Task objective: Could the data below be retyped exactly, without its pictures?
---- Supplied records
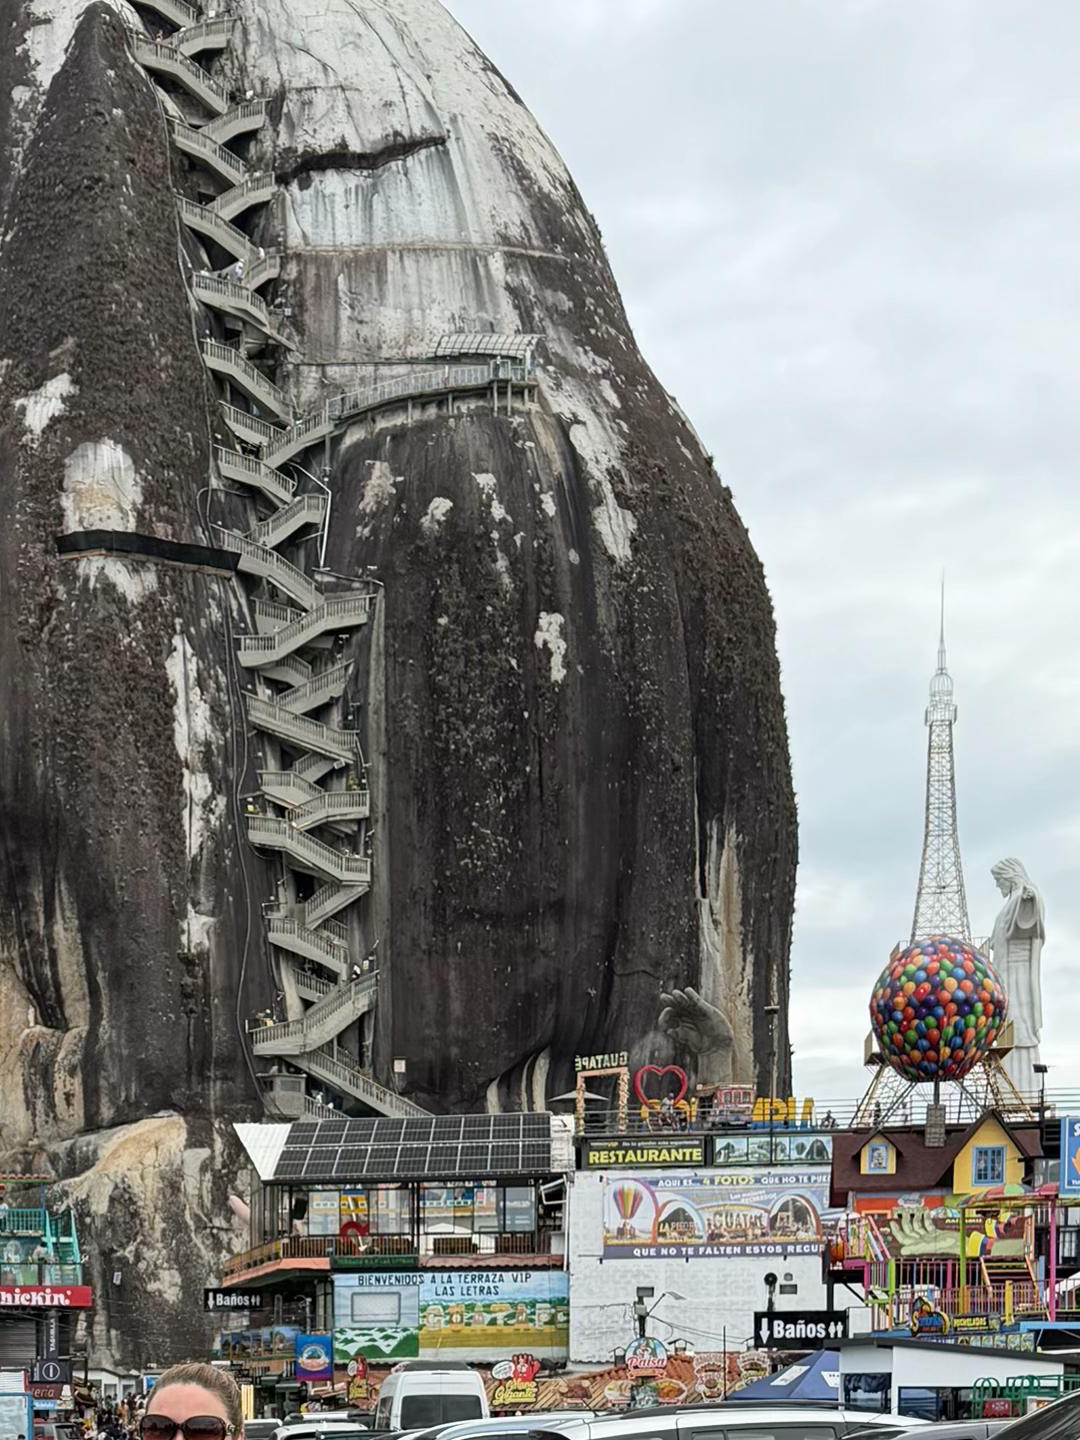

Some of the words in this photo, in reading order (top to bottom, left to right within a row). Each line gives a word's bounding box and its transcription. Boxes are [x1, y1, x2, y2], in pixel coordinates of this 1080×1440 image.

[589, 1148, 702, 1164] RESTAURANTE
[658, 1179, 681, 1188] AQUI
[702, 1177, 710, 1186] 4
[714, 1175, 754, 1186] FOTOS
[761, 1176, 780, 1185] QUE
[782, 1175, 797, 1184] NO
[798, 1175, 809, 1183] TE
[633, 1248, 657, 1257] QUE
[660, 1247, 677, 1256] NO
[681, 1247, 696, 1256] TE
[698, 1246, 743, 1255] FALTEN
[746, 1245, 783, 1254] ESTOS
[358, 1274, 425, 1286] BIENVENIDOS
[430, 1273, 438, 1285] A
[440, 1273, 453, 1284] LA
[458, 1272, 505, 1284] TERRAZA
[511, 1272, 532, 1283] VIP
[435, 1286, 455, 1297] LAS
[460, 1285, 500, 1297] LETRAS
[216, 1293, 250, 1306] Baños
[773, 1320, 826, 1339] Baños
--------
Solution to this exercise:
Some of the words in this photo, in reading order (top to bottom, left to right within a row). Each line gives a word's bounding box and its transcription. Boxes are [x1, y1, x2, y2], in pixel coordinates of this 1080×1440 image.

[589, 1148, 702, 1164] RESTAURANTE
[658, 1179, 681, 1188] AQUI
[702, 1177, 710, 1186] 4
[714, 1175, 754, 1186] FOTOS
[761, 1176, 780, 1185] QUE
[782, 1175, 797, 1184] NO
[798, 1175, 809, 1183] TE
[633, 1248, 657, 1257] QUE
[660, 1247, 677, 1256] NO
[681, 1247, 696, 1256] TE
[698, 1246, 743, 1255] FALTEN
[746, 1245, 783, 1254] ESTOS
[358, 1274, 425, 1286] BIENVENIDOS
[430, 1273, 438, 1285] A
[440, 1273, 453, 1284] LA
[458, 1272, 505, 1284] TERRAZA
[511, 1272, 532, 1283] VIP
[435, 1286, 455, 1297] LAS
[460, 1285, 500, 1297] LETRAS
[216, 1293, 250, 1306] Baños
[773, 1320, 826, 1339] Baños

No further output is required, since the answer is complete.